Broker tips: Provident Financial, InterContinental Hotels
Analysts at Berenberg slashed their target price on British sub-prime lender Provident Financial from 470p to 250p on Wednesday, stating that the Covid-19 outbreak had dealt the group another setback.
Berenberg noted that at the beginning of 2020, Provident Financial was starting to "find its feet again", with both Financial Conduct Authority investigations being completed, the group's Consumer Credit division expecting to breakeven, Vanquis and Moneybarn adjusting to new regulations and changes to risk appetite and dividend payments resuming.
However, the German bank said Provident's cash-based home credit division would be affected by social distancing measures and lockdowns as the group's lending agents were currently unable to visit borrowers.
"The group last lost contact with its customers in 2017 when it switched to a new operating model, leading to a divisional loss of £111m in six months, although the loan book was larger (c£400m versus £250m). Both collections and new sales were heavily affected," said the analysts.
Also likely impacting Provident's capital position was Berenberg's assumption that the group's Vanquis and Moneybarn arms were likely to see arrears "beyond those experienced in previous economic contraction".
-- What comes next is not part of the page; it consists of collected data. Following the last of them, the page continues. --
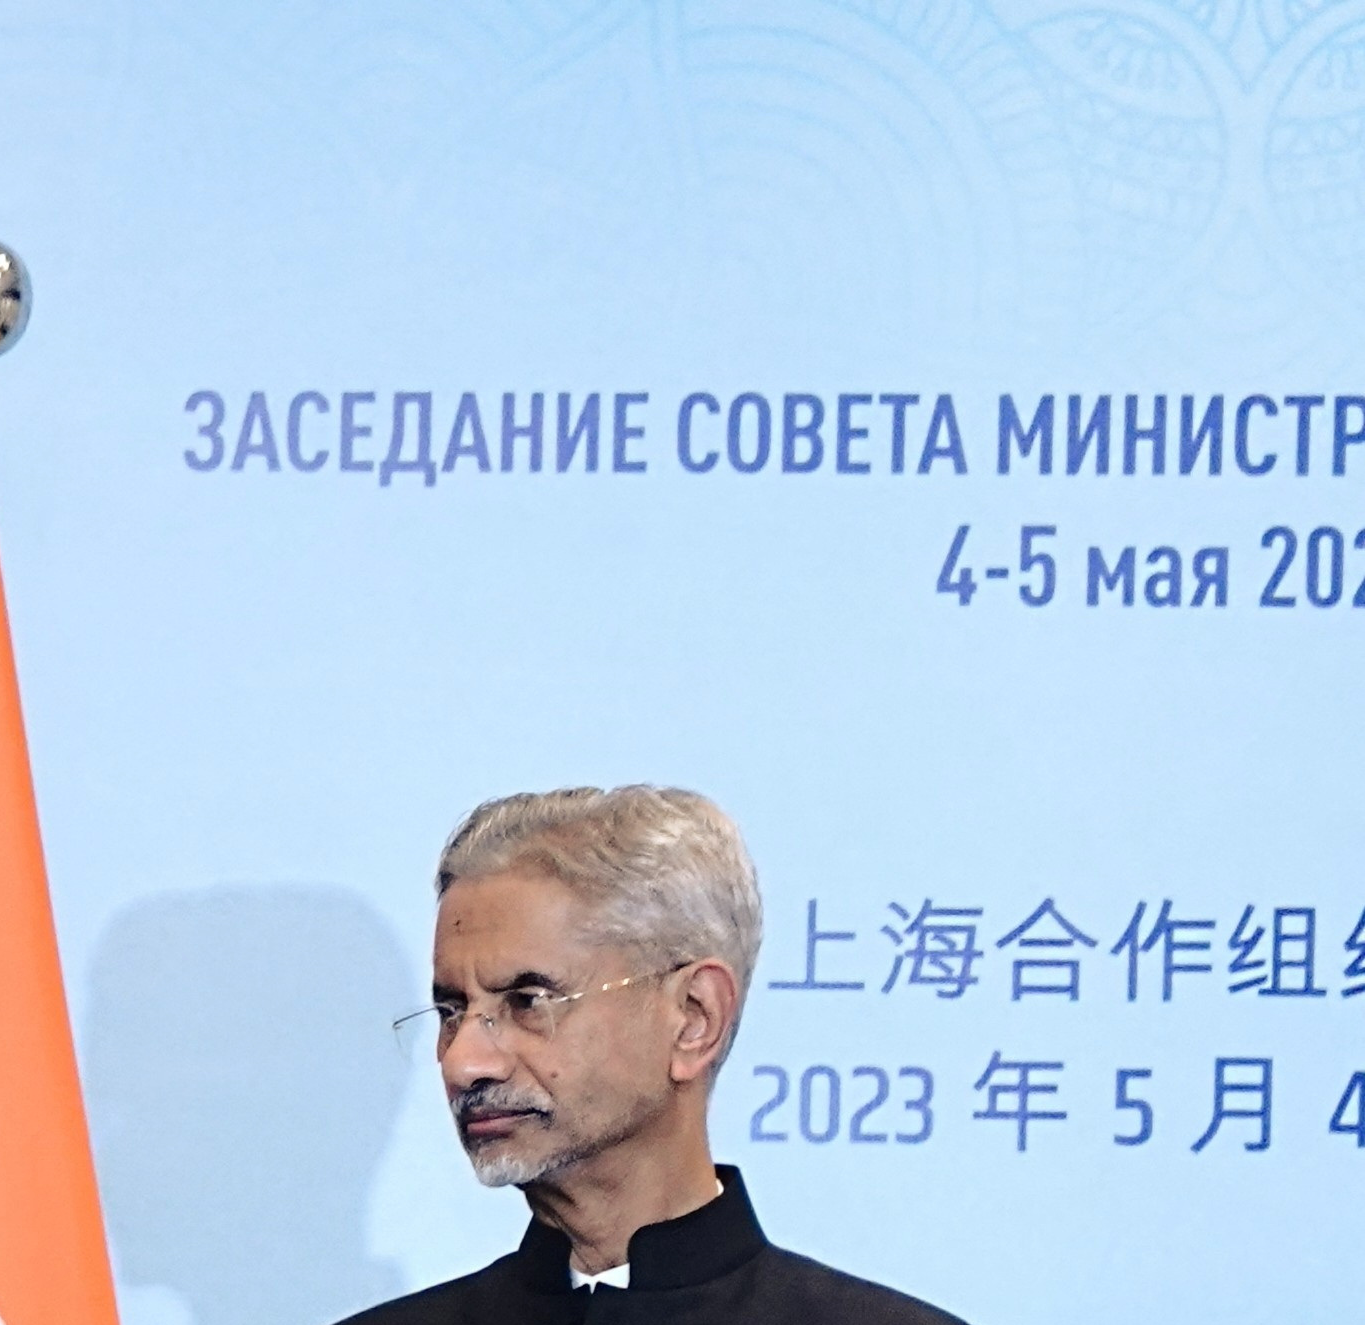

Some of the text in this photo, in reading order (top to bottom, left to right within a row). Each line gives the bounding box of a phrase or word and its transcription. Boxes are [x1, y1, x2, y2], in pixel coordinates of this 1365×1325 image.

[184, 390, 650, 488] ЗАСЕДАНИЕ
[677, 391, 968, 475] СОВЕТА
[936, 524, 1057, 608] 4-5
[1086, 545, 1229, 608] мая
[768, 897, 1365, 1001] 上海合作组
[750, 1064, 934, 1145] 2023
[972, 1050, 1068, 1152] 年
[1114, 1068, 1153, 1147] 5
[1190, 1057, 1273, 1153] 月
While Berenberg said it believes that Provident's capital position was sufficient for now, and that arrears in Vanquis and Moneybarn would be tolerable, it warned that a long period of lockdown would mean home credit incurs "significant losses".
Berenberg maintained its 'hold' recommendation on Provident.
Royal Bank of Canada upgraded InterContinental Hotels (IHG) to 'outperform' and said now looks a good time to buy hotels.
RBC cut its price targets for IHG, Whitbread and Accor to reflect the unprecedented conditions faced by the hotels sector. The industry has never experienced a 90% drop in revenue per available room (revpar) in multiple markets with hotels closed en masse, RBC said.
But analysts Julian Easthope and Christine Zhou said demand was likely to recover as the pandemic fades and that the three companies are well financed to get through the crisis.
"We believe a long-term view will suggest this is a good time to buy hotels as we think hotel demand will remain strong," the analysts wrote in a note to clients.
The analysts said IHG was the most defensive because of its franchise model, making it their preferred pick. The company also has ample liquidity with $1.4bn of cash and facilities. They upgraded IHG to 'outperform' from 'sector perform' and reduced their price target to £40 from £45.
RBC's analysts cut their price target for Premier Inn owner Whitbread to £34 from £38 with an 'underperform' rating. Though the company has £1.4bn of liquidity and is in line to benefit from struggling independents, it is exposed to the UK and higher risk owned/leased hotels, RBC said.
Accor is very well financed with €4bn liquidity but its investment in AccorInvest is an unknown risk, RBC said, cutting its price target to €34 from €40 and sticking with an 'outperform' rating.
Easthope and Zhou estimated it would take about two and a half years for revpar to recover. They also assumed that business travel would recover because companies will still prefer meeting face to face rather than online.
But with businesses under financial and environmental pressure they could decide meeting online was good enough, the analysts conceded.
"We retain our view that travel will rebound but accept this as a risk," the analysts said.